Published online 2008 December 31. doi:  10.4184/asj.2008.2.2.106
PMCID: PMC2852091

Congenital Absence of Unilateral Lumbar Articular Process - A Case Report -

Abstract

A congenital absence of a lumbar articular process is a rare condition with an uncertain etiology. However, an intervertebral instability caused by this anomaly can cause occasional lower back pain. A 20 years old man presented with lower back pain. The physical examination revealed no neurological deficits. Plain radiographs of the lumbar spine revealed an absence of the left inferior articular process at the fourth lumbar vertebra associated with hypoplasia of the left lamina. The patient's symptoms were resolved after conservative treatment. We report a case of a congenital absence of articular process at the fourth lumbar vertebra.

Keywords: Lumbar anomaly, Inferior articular process

Introduction

A congenital absence of the unilateral lumbar inferior articular process is a rare spinal anomaly. The etiology is presumed to be due to a dysfunction of the ossification center during fetal life. We report a case of unilateral absence of the fourth inferior articular process with a review of the relevant literature, and suggest a mechanism for the back pain.

Case Report

A twenty year old male patient visited our outpatient clinic complaining of low back pain. He was a new recruit in the army, and the acute back pain had occurred approximately one month earlier after entering an army training camp for recruits. He had previously experienced back pain after hard work or hard exercise for several years. The findings of a physical examination were unremarkable, except for mild tenderness at the left lumbar paravertebral area. No pathological reflexes were noted. The straight leg raising test was negative.

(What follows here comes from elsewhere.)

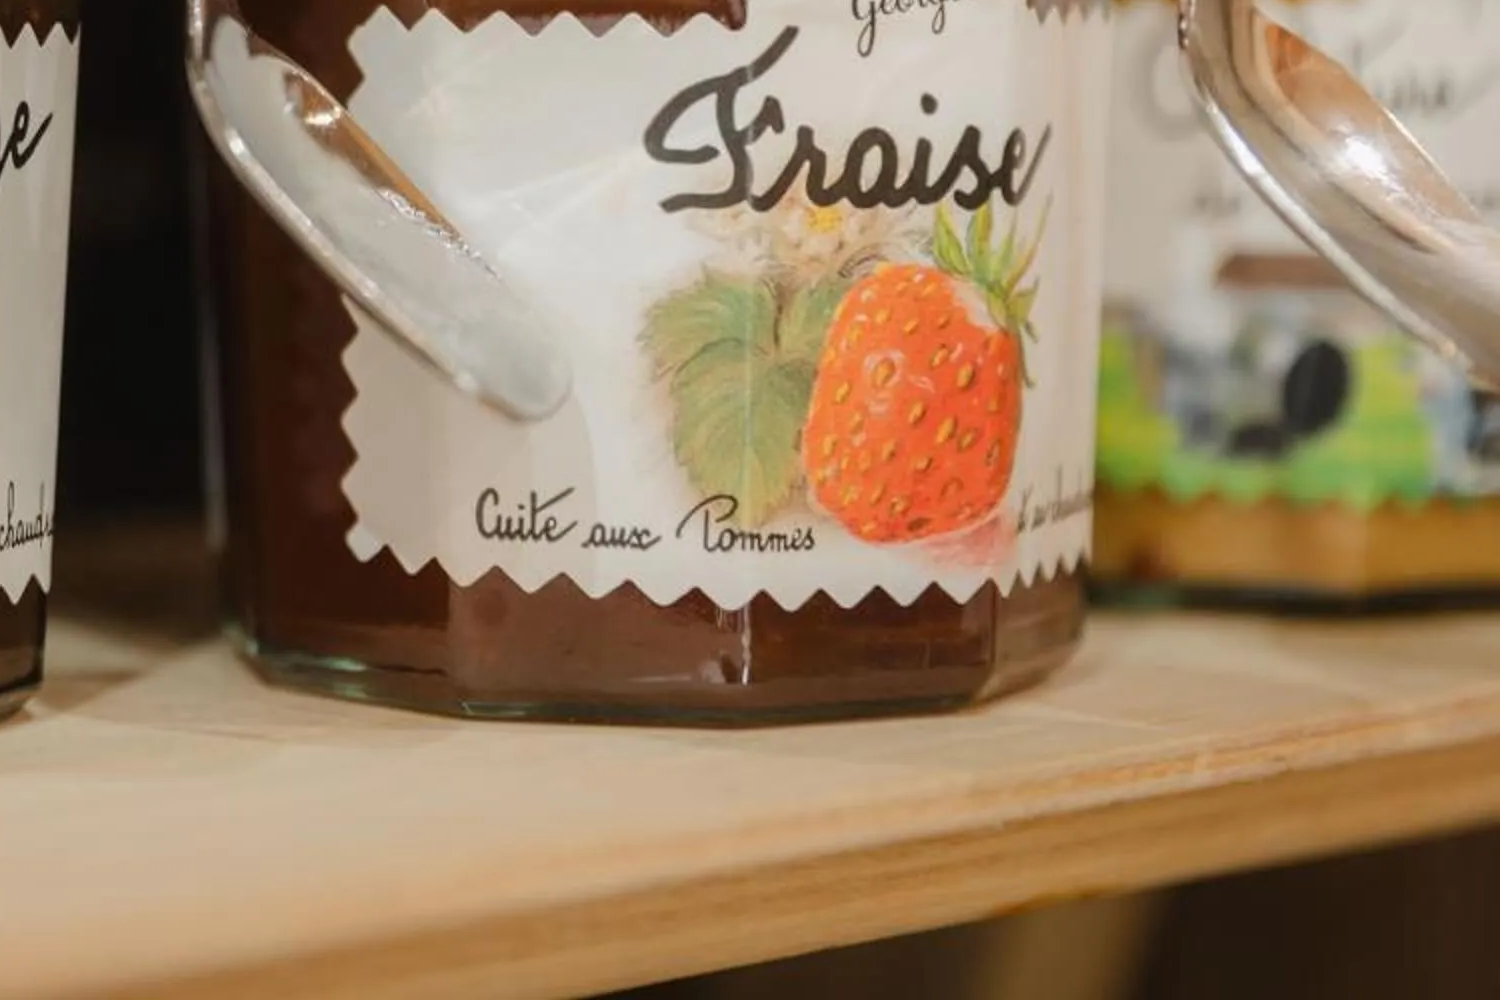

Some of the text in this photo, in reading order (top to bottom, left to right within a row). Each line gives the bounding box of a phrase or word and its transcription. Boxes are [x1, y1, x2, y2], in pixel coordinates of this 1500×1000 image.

[643, 25, 1052, 213] Fraise
[475, 487, 816, 553] Cuite aux Pommes

The plain radiograph showed an absence of the left inferior articular process at the fourth lumbar vertebra. A hypoplastic defect of the left lamina was also noted (Fig. 1).

Fig. 1
Plain lumbar spine antero-posterior (A) , and oblique view (B) shows a congenital absence of the left inferior articular process of L4.

A CT scan confirmed the absence of the unilateral lumbar apophyseal joint due to an inferior articular process defect and a hypoplastic defect of the unilateral lamina (Fig. 2). However, the contralateral apophyseal joint was normal and did not show any pathological changes, such as arthrosis or hypertrophy. There was no evidence of disc herniation.

Fig. 2
CT scan shows an absence of the left unilateral lumbar facet joint and hyoplasia of the lamina.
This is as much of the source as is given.